AKRON, Ohio — When Summit County officials announced a program to provide $5,000 grants to small businesses struggling due to the pandemic, they expected a lot of interest.
However, they were stunned when 1,035 small businesses applied for the grants. That equates to one out every eight small businesses in the entire county. The grant acceptance period closed on April 13.
"It just shows that there is just an overwhelming need within the community to support these small businesses and it just shows the sheer impact," said Brian Nelsen, the chief executive for Summit County Executive Ilene Shaprio. "The businesses read like a who's who of restaurants, health and beauty care and auto repair places."

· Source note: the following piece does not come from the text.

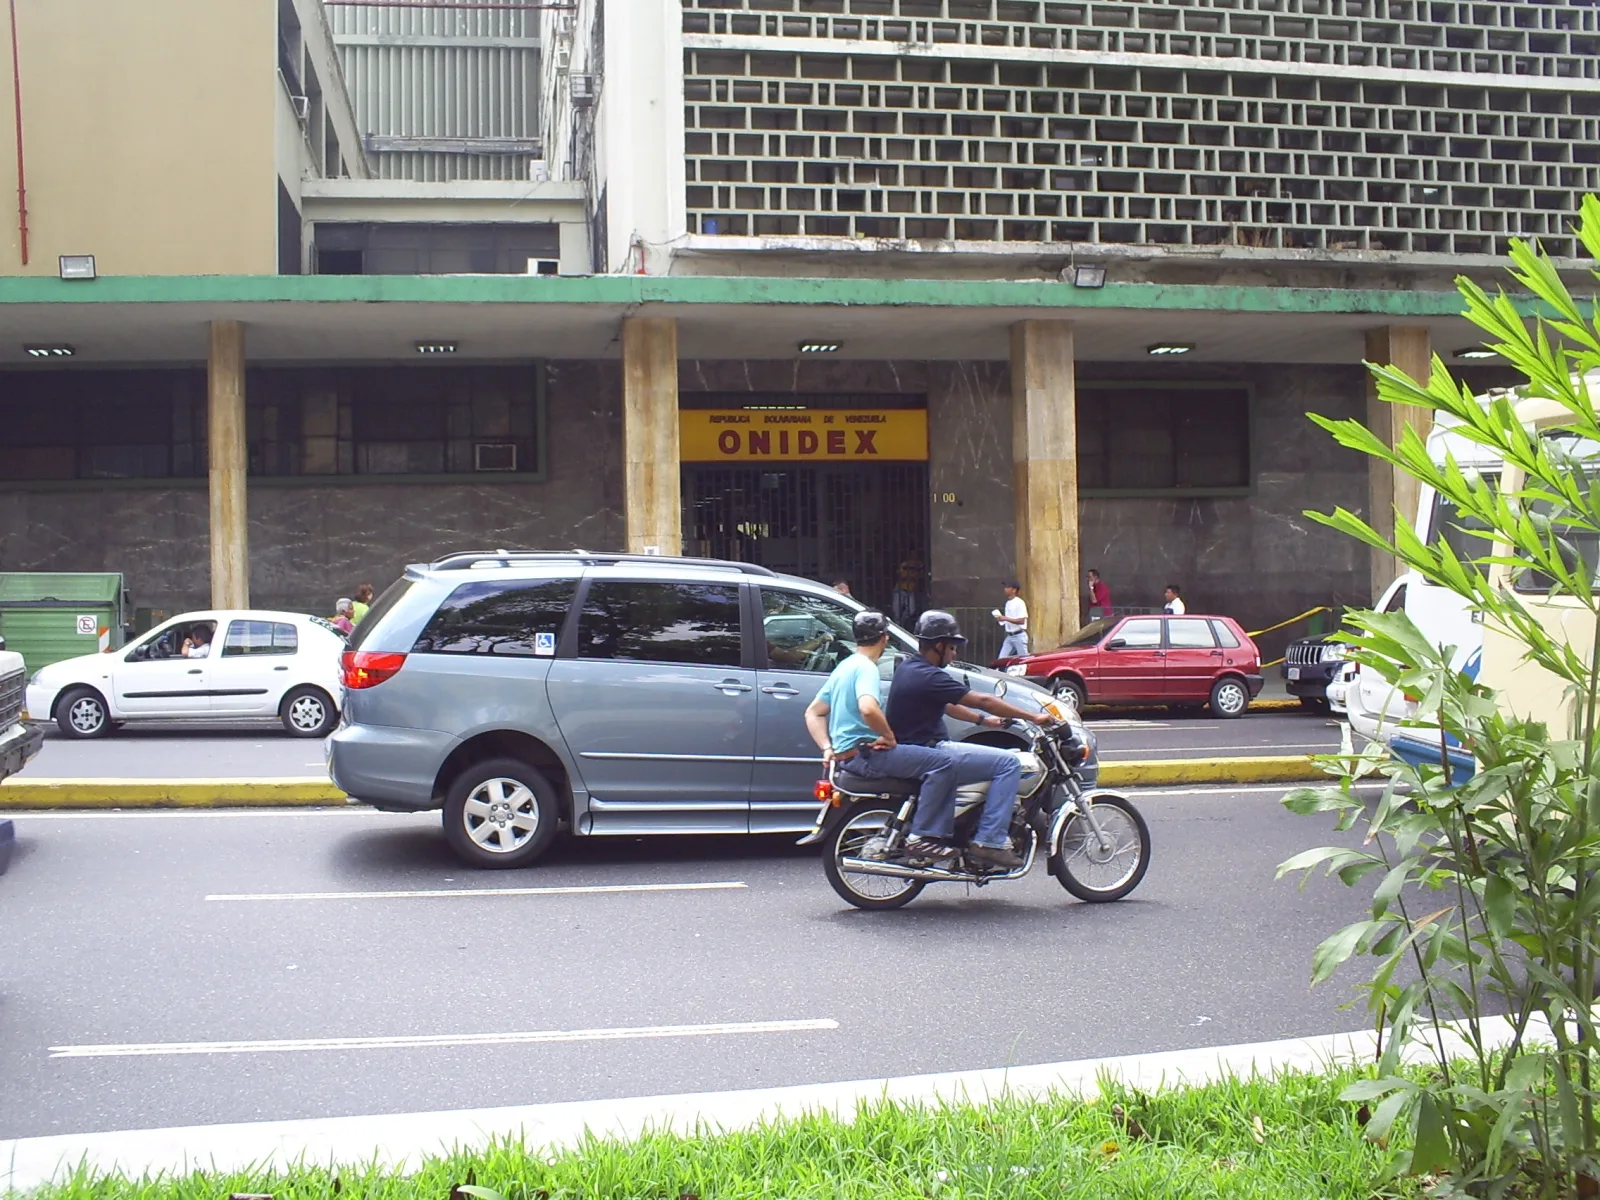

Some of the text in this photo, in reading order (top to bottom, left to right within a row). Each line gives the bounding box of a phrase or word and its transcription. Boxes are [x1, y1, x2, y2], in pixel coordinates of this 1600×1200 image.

To be eligible, the businesses must be a for-profit enterprise located in Summit County. Additionally, the businesses must employ between three and twenty-five people with at least 50 percent of their employees residing in Summit County.
The county contributed $530,000 from the general fund and another $220,000 through federal community development block grant funds. Contributions were also made by Key Bank, Jump Start, the city of Akron and the Greater Akron Chamber.

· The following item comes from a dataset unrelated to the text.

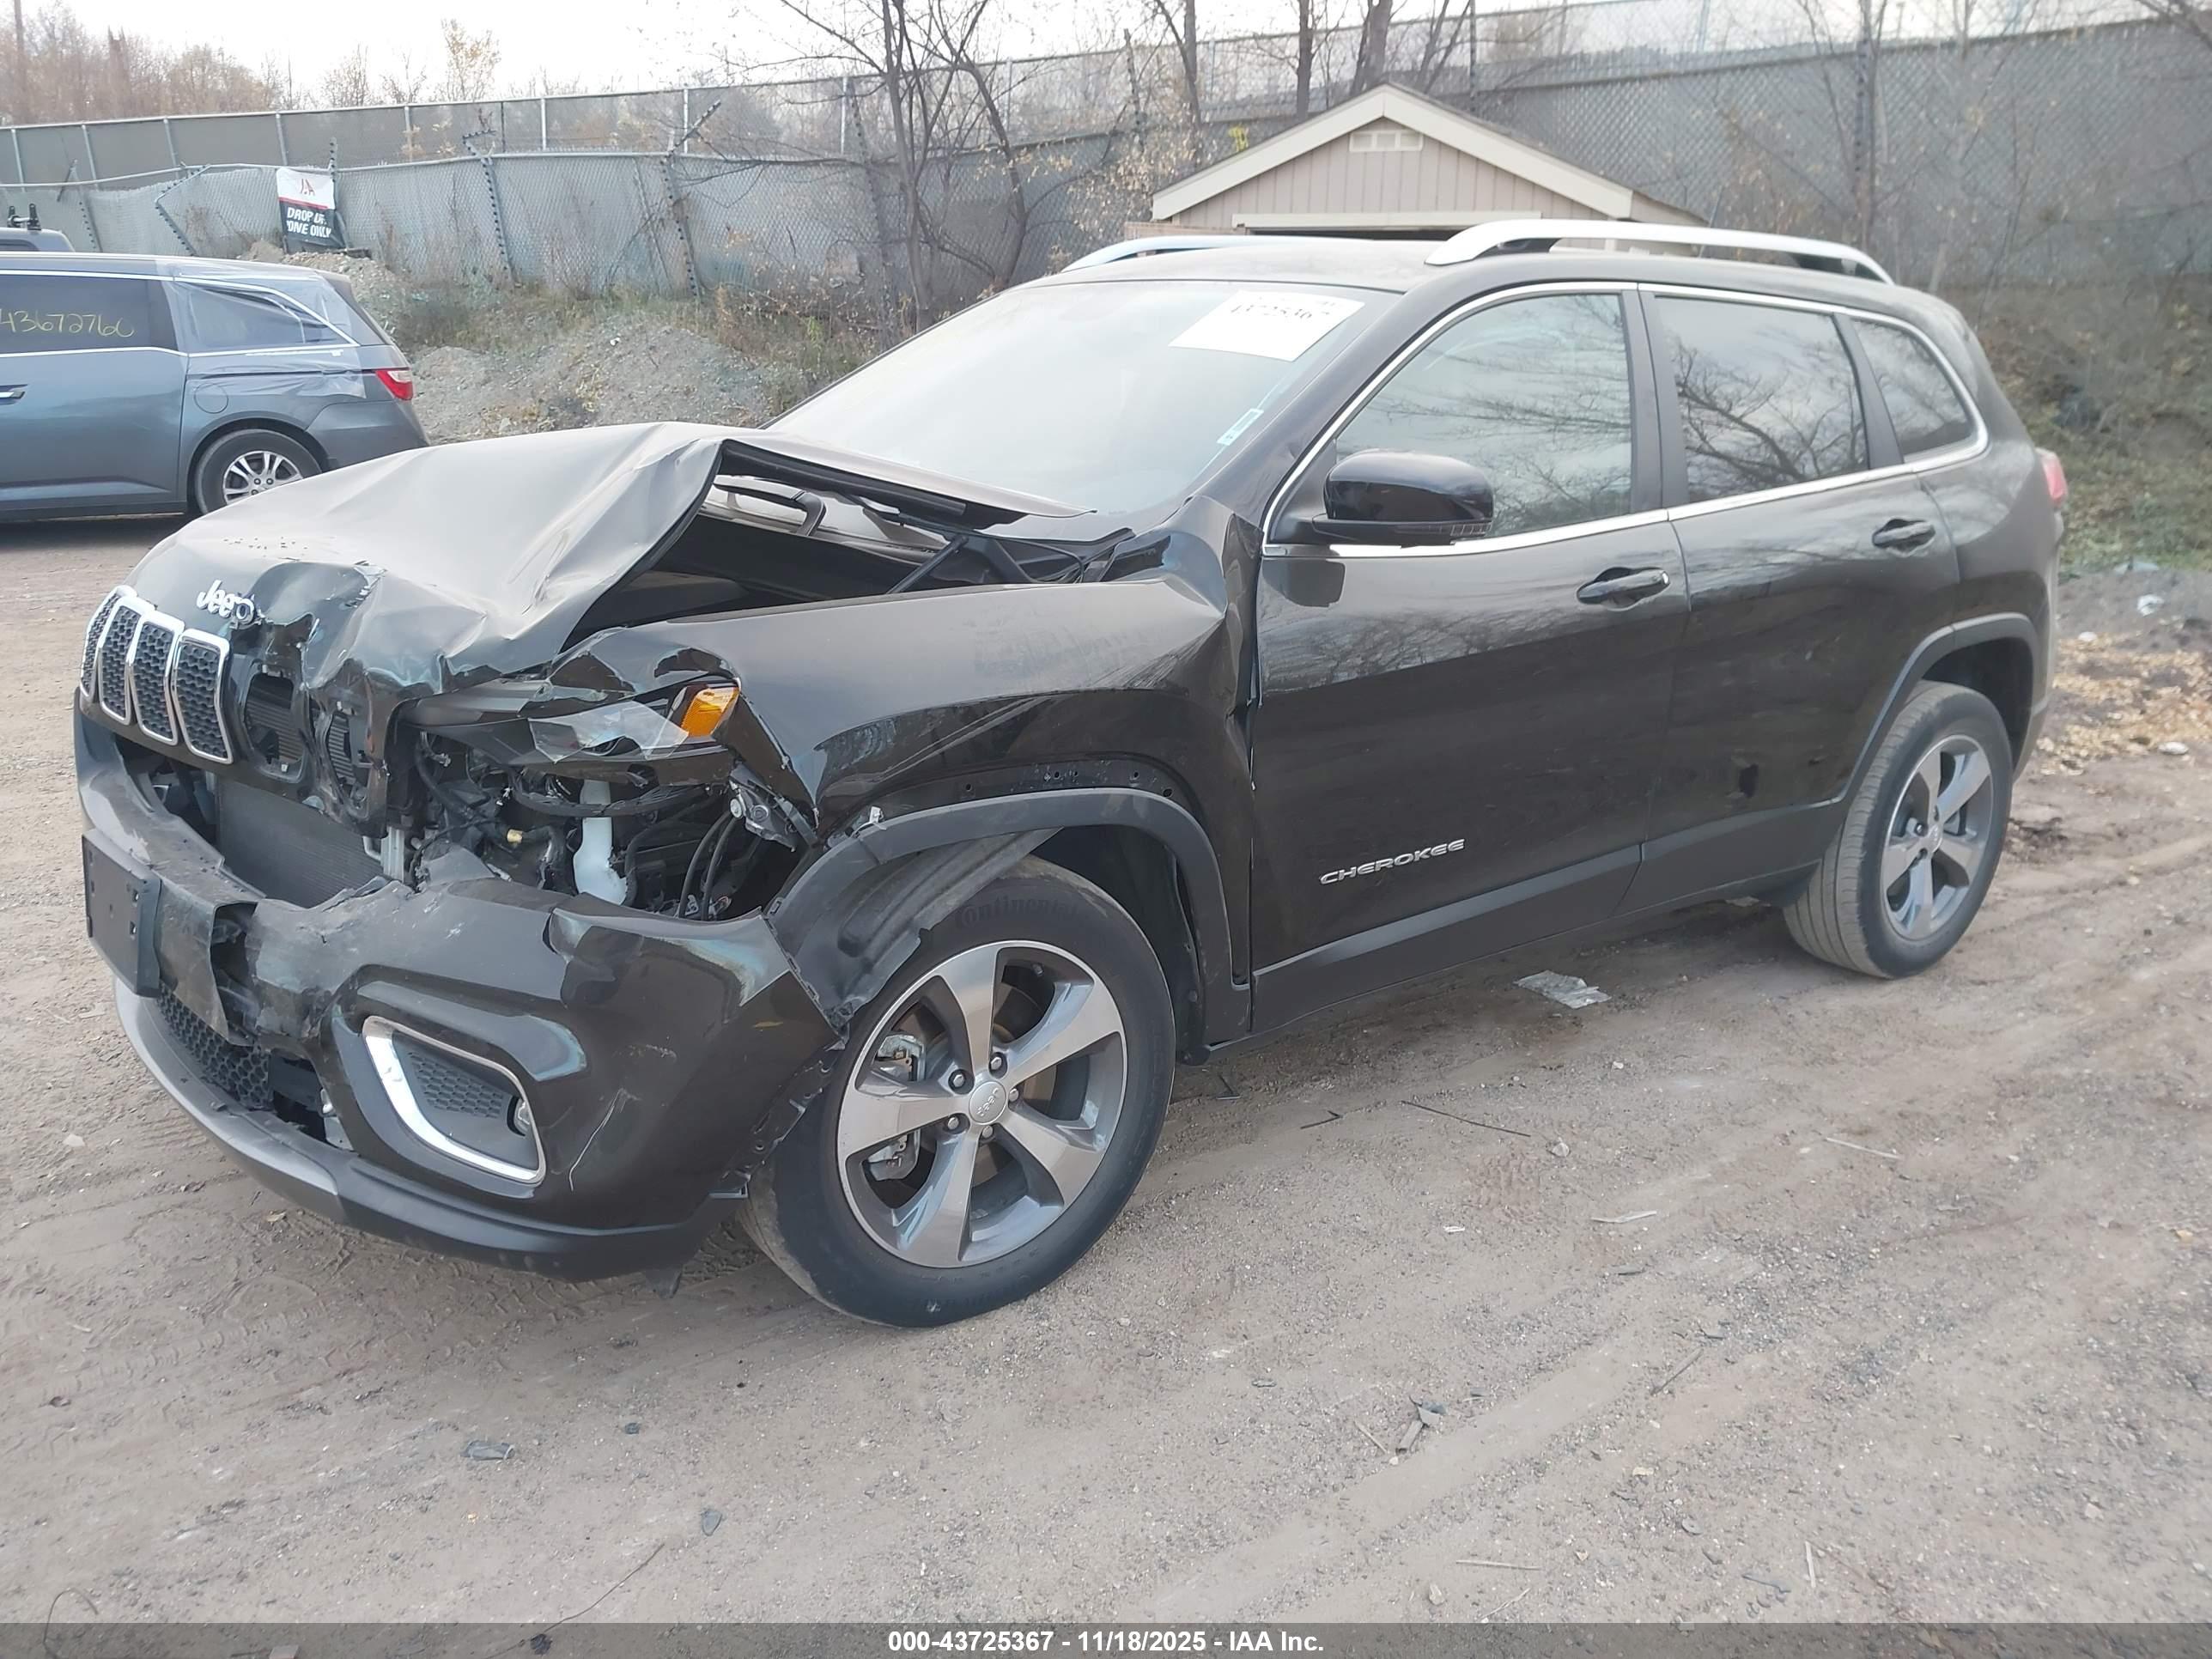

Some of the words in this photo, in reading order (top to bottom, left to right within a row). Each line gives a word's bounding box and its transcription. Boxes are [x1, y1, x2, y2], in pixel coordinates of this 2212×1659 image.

[287, 207, 314, 222] DROP
[196, 580, 255, 625] Jeep
[1320, 838, 1465, 885] CHEROKEE

The total for the grant project has reached about $1.3 million. The money is being managed by the Greater Akron Chamber. At this point, about 250 small businesses can be assisted with $5,000 grants.

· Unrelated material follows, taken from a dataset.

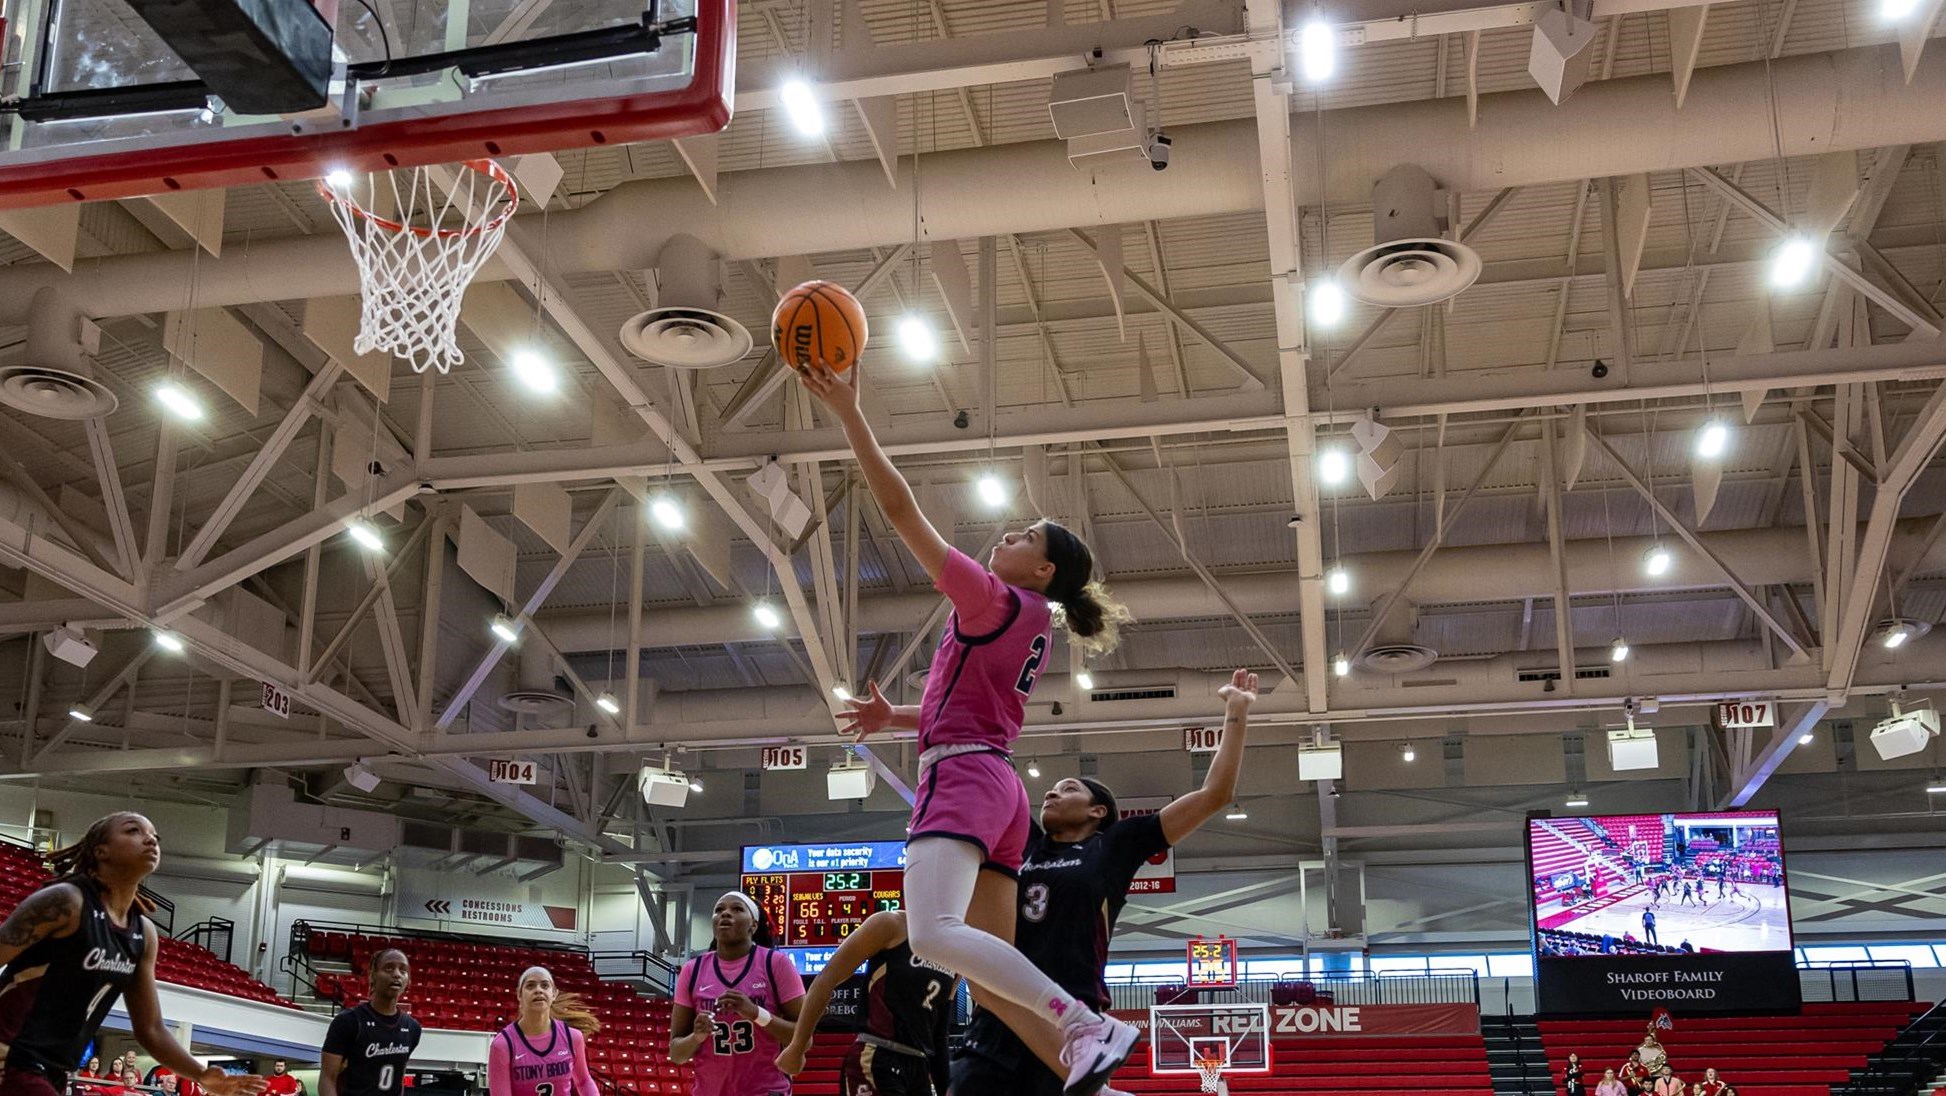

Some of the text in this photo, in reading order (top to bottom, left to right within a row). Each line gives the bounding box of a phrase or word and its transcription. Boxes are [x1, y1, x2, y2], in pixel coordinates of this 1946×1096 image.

Nelsen said a scoring model is being developed to help determine how the grants can be most impactful and help save jobs.
"We're trying to make sure that the businesses that get the funds truly need the funds and it truly makes a difference in their ability to pay their bills and keep their business afloat," he said.
Fred Karm, owner of Hoppin' Frog Brewery in Akron, said the coronavirus crisis has been devastating to his business.
He has temporarily closed his restaurant and furloughed more than 20 employees. He's doing curbside pickup for his craft beer six days a week.
"If you look at the business as a whole, we're down to 20 percent of our normal revenue. We expect to see that for roughly three months," Karm said.
In addition to small business administration loans, Karm applied for Summit County grant money hoping it will fund some of his operational expenses.
"The Summit County grant is desperately needed for labels, for packaging products and for grain and hops. I need to brew beer," he said.
The county is hoping to raise more money for grants. For example, Nelsen said a private individual recently came forward interesting in contributing to the fund.
"These businesses, they employ 37,000 residents-- this small business sector in Summit County. In total, it's an extremely important part of our economy," Nelsen added.
The county is in the process of reviewing all of the applications and hopes to have money in the hands of some of the small business owners as soon as possible.